Menzikoff et Fœdor, ou le Fou de Bérézoff, drame en trois actes, de Lamartelière, musique de Champein ; 30 janvier [1808].

Théâtre de l'Opéra-Comique.

D’après Nicole Wild et David Charlton, Théâtre de l'Opéra-Comique Paris : répertoire 1762-1972, p. 330, la pièce a été jouée jusqu’en 1815.

Titre :

Menzikoff et Fœdor, ou le Fou de Bérézoff

Genre

drame

Nombre d'actes :

3

Vers ou prose ,

en prose

Musique :

oui

Date de création :

30 janvier 1808

Théâtre :

Théâtre de l’Opéra-Comique

Auteur(s) des paroles :

Lamartelière

Compositeur(s) :

Champein

Almanach des Muses 1809.

Fœdor d'Olgoroucki, amant de Marie, fille de Menzikoff, a été relégué par ce ministre au fond de la Sibérie, ou, quoiqu'il ait perdu la raison, il ne laisse pas d'exercer une assez grande autorité sur ses compagnons d'infortune. Trois ans après l'exil de Fœdor, son persécuteur vient lui-même, avec sa fille, partager le sort de ses victimes. Fœdor ne reconnaît pas Menzikoff, et n'en est pas reconnu ; mais il n'a pas oublié les traiys de Marie, dont la présence lui rend toute sa raison. Malgré le nom de Mizoff qu'il a pris, Menzikoff est reconnu par plusieurs Russes qu'il a autrefois proscrits : ils se soulevent contre lui ; mais d'Olgoroucki prend sa défense, et l'arrache à leur fureur. Il fait plus ; comme, par ordre du gouverneur,Menzikoff s'éloignait de Bérézoff, ce jeune proscrit arme la colonie pour voler à la défense du pere de Marie, qui était attaqué par les ours blancs. Bientôt après Fœdor reçoit le décret de l'empereur qui lui rend ses biens et ses dignités, et le nomme en outre gouverneur de la Sibérie. Le nouveau gouverneur profite de sa nouvelle fortune pour offrir sa main à Marie.

Piece qui, au total, n'est ni meilleure ni plus mauvaise qu'un mélodrame ; musique bien supérieure au poëme.

L'Esprit des journaux français et étrangers, année 1808, tome III (mars 1808), p. 256-263 :

[Tout le monde est censé connaître ce Menzikoff, pâtissier devenu prince par le bon vouloir de Pierre le Grand, mais envoyé en Sibérie par Pierre II. Le drame débute à l’arrivée de Menzikoff en Sibérie (avec des entorses à la vérité historique : une fille au lieu de deux, sa femme survivant au voyage).
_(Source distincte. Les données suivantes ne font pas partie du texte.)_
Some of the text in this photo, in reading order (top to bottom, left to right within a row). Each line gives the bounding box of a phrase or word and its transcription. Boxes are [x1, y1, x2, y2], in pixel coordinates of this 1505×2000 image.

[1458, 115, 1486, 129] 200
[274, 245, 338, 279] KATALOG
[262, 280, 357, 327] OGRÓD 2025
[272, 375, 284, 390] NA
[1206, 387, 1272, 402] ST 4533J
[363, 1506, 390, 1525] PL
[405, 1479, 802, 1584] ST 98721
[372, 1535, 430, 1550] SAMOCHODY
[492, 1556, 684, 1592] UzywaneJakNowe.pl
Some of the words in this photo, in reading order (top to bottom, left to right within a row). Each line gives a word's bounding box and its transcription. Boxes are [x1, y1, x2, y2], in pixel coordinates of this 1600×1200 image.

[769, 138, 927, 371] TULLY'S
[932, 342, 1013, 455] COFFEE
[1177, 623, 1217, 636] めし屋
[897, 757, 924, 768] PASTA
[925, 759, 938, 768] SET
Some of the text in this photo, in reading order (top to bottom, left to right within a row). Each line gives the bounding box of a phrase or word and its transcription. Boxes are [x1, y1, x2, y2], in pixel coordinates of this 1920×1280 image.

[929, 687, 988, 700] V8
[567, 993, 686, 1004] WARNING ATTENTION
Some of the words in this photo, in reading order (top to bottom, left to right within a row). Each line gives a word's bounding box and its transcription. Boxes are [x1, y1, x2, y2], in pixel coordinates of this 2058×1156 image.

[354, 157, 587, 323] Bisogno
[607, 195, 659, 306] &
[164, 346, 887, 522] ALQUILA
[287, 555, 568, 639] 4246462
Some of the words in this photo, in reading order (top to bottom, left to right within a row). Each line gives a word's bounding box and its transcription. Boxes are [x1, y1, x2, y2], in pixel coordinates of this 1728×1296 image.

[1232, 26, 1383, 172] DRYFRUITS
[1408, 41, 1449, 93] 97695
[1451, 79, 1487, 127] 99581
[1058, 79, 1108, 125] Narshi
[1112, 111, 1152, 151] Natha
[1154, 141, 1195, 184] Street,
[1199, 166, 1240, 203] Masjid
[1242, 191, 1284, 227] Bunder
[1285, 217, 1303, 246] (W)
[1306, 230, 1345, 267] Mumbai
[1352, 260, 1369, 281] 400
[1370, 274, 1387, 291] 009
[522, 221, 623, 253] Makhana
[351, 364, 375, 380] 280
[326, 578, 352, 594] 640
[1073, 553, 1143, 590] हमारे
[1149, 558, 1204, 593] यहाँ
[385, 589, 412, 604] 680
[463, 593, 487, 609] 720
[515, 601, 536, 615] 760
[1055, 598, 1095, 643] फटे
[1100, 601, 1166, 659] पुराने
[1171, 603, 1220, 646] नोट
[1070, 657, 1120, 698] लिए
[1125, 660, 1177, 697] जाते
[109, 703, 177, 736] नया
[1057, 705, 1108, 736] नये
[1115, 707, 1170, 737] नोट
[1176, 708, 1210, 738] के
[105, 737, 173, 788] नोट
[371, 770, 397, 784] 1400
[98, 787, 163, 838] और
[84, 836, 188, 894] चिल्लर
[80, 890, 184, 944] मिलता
Tout va mal pour la famille des exilés, qui doivent cacher qui ils sont (Menzikoff n’a que des ennemis en Sibérie). L’amant refusé de la fille de Menzikoff, envoyé en exil par Menzikoff, apparaît sous les traits du « fou de Beresoff » et offre ses services à Menzikoff. On s’attend alors ce que l’intrigue démarre, mais le critique a l’impression que c’est le hasard qui guide les événements, pourtant nombreux. La réhabilitation de ce jeune homme devrait fournir un dénouement mais le critique préfère ne rien dire et nous invite à faire preuve de sagacité (peut-être Menzikoff est-il rappelé lui aussi, et que les jeunes gens se marient avec la bénédiction de Menzikoff... Quelle surprise ce serait !). « On voit que cette pièce mérite à tous égards son titre de drame ; elle en a le romanesque, l'invraisemblance, les reconnaissances ; mais aussi la gravité, la morale, la dignité », mais on sait que ces belles qualités ont le tort d’ennuyer le public, qui a fait pour cette pièce preuve d’une grande indulgence. La musique n’est pas non plus sans reproches : le critique la valorise peu en disant qu’« elle n'a rien de désagréable », entre autres compliments paradoxaux. « Ce sont les acteurs qui ont eu tous les honneurs de la soirée », malgré la difficulté des rôles principaux.]

Théatre de l'Opéra-Comique.

Menzikoff et Fœdor, ou le Fou de Beresoff, drame en trois actes de M. Lamartellière, musique de M. Champein.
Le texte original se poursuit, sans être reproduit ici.